* The task
Set down the entries exactly as they appear, apart from the images, which stay out.

◆ ◆ ◆ ◆

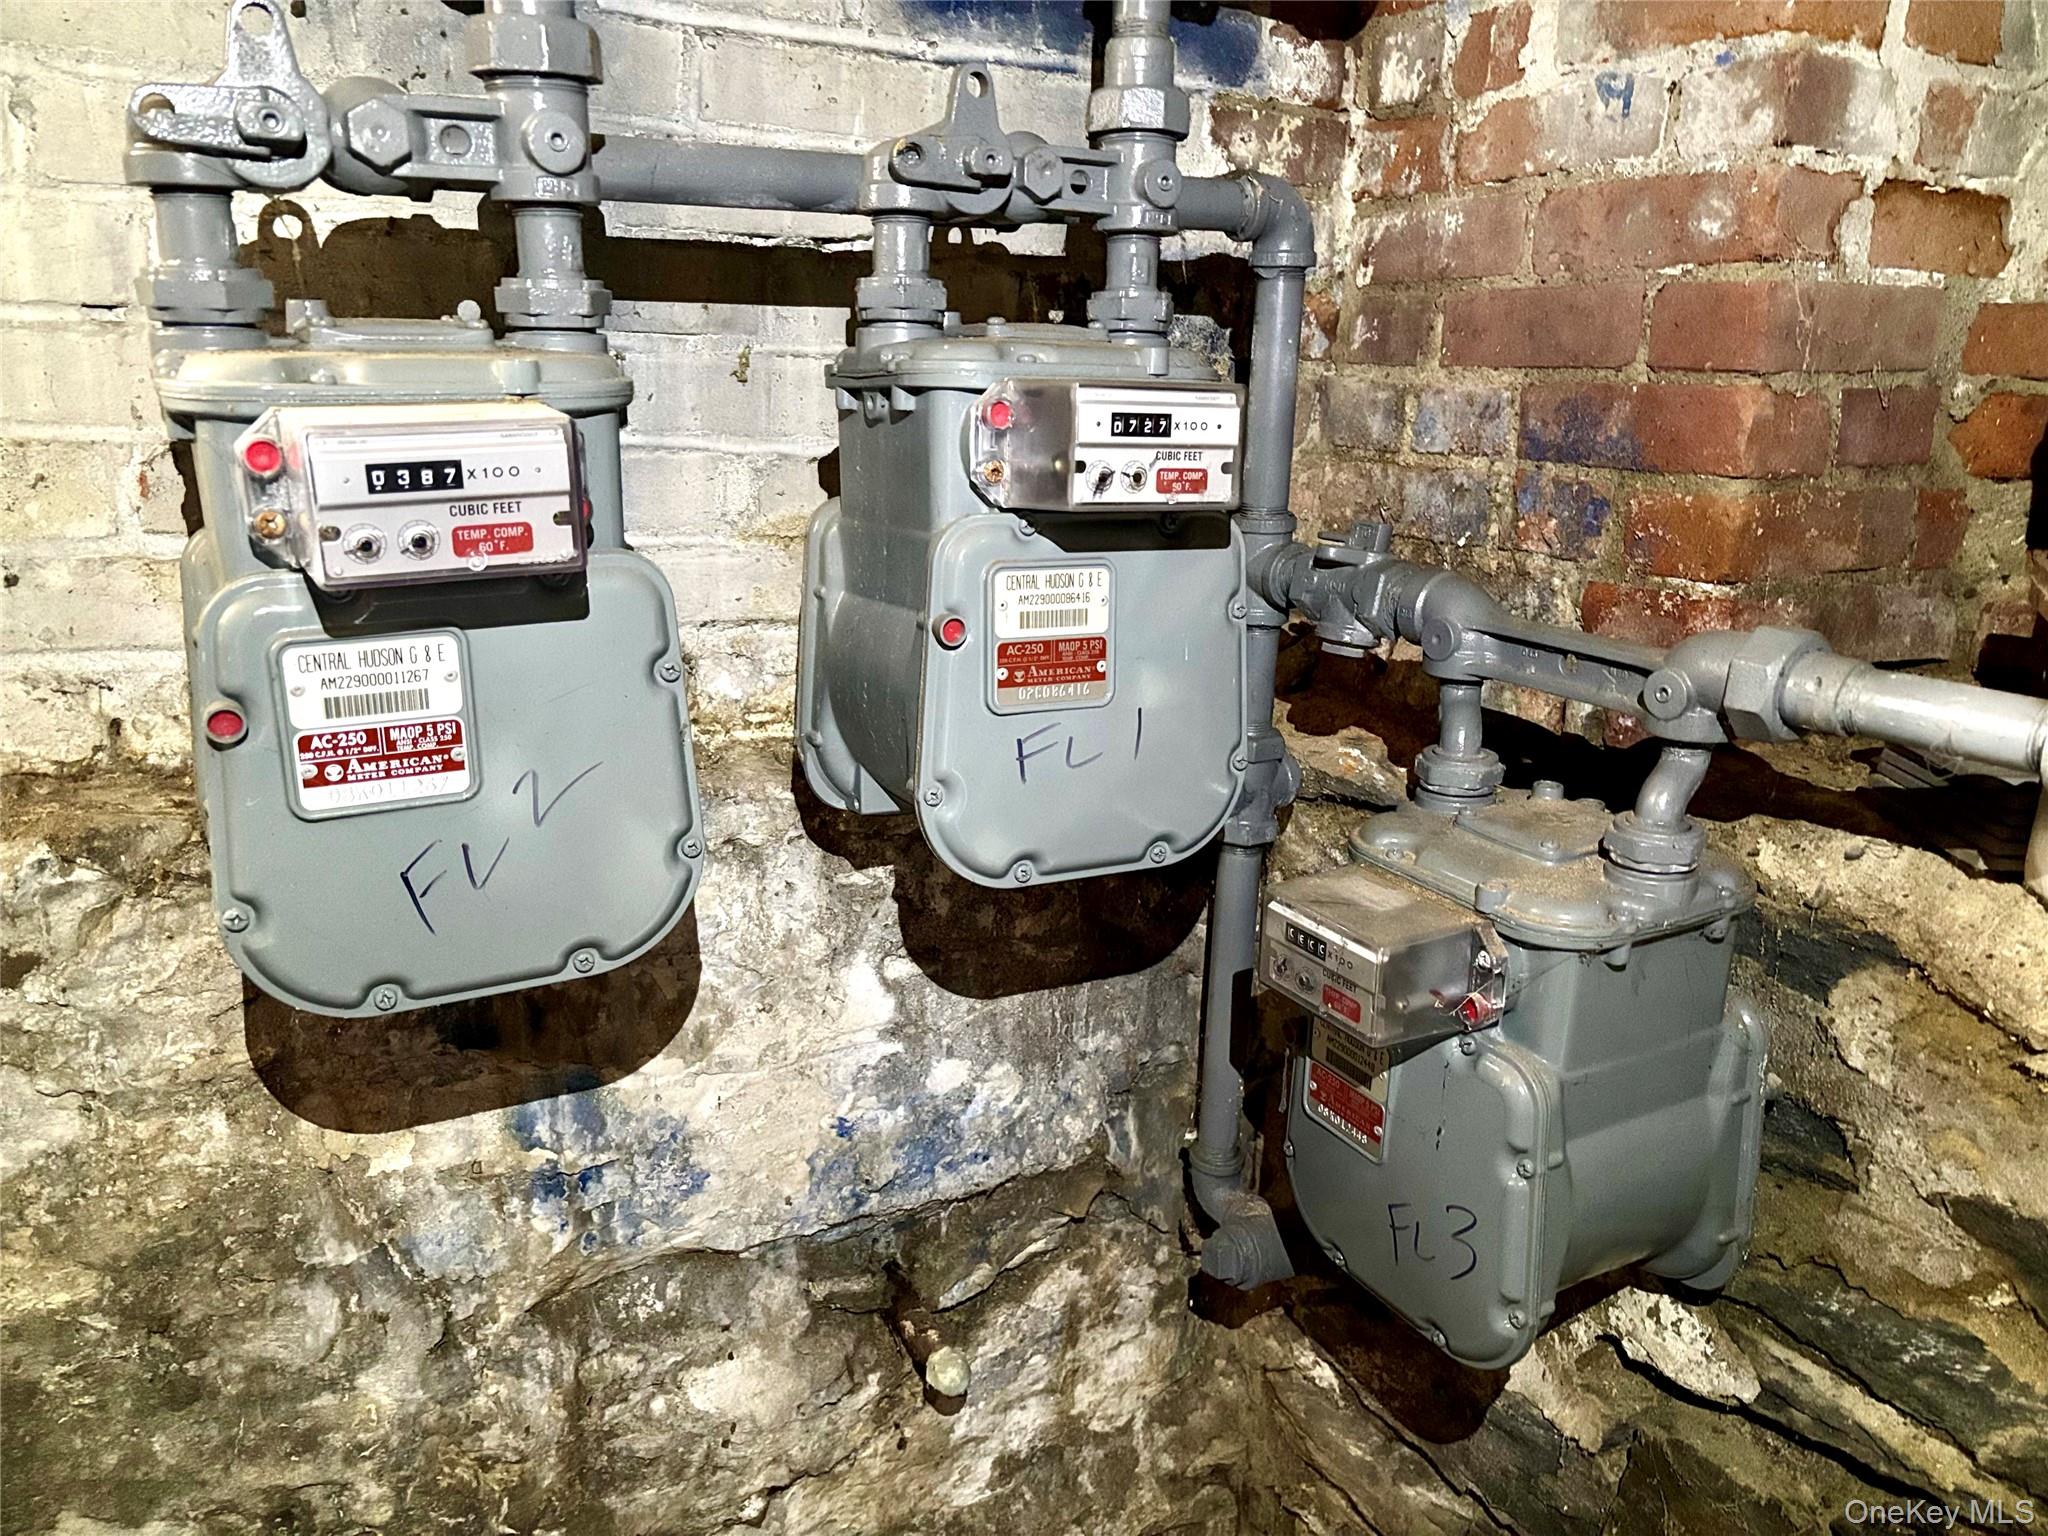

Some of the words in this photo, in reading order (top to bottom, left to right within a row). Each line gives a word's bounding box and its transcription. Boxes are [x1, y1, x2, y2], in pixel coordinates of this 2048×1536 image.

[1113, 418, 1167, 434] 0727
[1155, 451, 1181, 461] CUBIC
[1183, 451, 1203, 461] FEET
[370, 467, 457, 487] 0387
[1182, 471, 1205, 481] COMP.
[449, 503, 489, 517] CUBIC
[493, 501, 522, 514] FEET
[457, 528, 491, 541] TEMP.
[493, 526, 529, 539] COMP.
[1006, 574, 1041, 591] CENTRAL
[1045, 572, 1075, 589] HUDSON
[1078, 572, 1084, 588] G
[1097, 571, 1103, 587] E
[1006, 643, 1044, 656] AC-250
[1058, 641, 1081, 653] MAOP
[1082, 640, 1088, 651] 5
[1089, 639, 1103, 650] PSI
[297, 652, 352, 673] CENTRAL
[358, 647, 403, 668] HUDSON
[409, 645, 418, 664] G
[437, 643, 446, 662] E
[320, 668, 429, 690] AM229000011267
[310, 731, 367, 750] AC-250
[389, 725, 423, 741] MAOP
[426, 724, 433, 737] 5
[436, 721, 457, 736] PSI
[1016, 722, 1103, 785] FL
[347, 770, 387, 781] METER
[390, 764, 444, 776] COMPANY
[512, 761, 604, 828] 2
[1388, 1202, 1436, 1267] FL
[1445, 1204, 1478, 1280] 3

◆ ◆ ◆ ◆

* Response below
Some of the words in this photo, in reading order (top to bottom, left to right within a row). Each line gives a word's bounding box and its transcription. Boxes are [x1, y1, x2, y2], in pixel coordinates of this 2048×1536 image.

[1113, 418, 1167, 434] 0727
[1155, 451, 1181, 461] CUBIC
[1183, 451, 1203, 461] FEET
[370, 467, 457, 487] 0387
[1182, 471, 1205, 481] COMP.
[449, 503, 489, 517] CUBIC
[493, 501, 522, 514] FEET
[457, 528, 491, 541] TEMP.
[493, 526, 529, 539] COMP.
[1006, 574, 1041, 591] CENTRAL
[1045, 572, 1075, 589] HUDSON
[1078, 572, 1084, 588] G
[1097, 571, 1103, 587] E
[1006, 643, 1044, 656] AC-250
[1058, 641, 1081, 653] MAOP
[1082, 640, 1088, 651] 5
[1089, 639, 1103, 650] PSI
[297, 652, 352, 673] CENTRAL
[358, 647, 403, 668] HUDSON
[409, 645, 418, 664] G
[437, 643, 446, 662] E
[320, 668, 429, 690] AM229000011267
[310, 731, 367, 750] AC-250
[389, 725, 423, 741] MAOP
[426, 724, 433, 737] 5
[436, 721, 457, 736] PSI
[1016, 722, 1103, 785] FL
[347, 770, 387, 781] METER
[390, 764, 444, 776] COMPANY
[512, 761, 604, 828] 2
[1388, 1202, 1436, 1267] FL
[1445, 1204, 1478, 1280] 3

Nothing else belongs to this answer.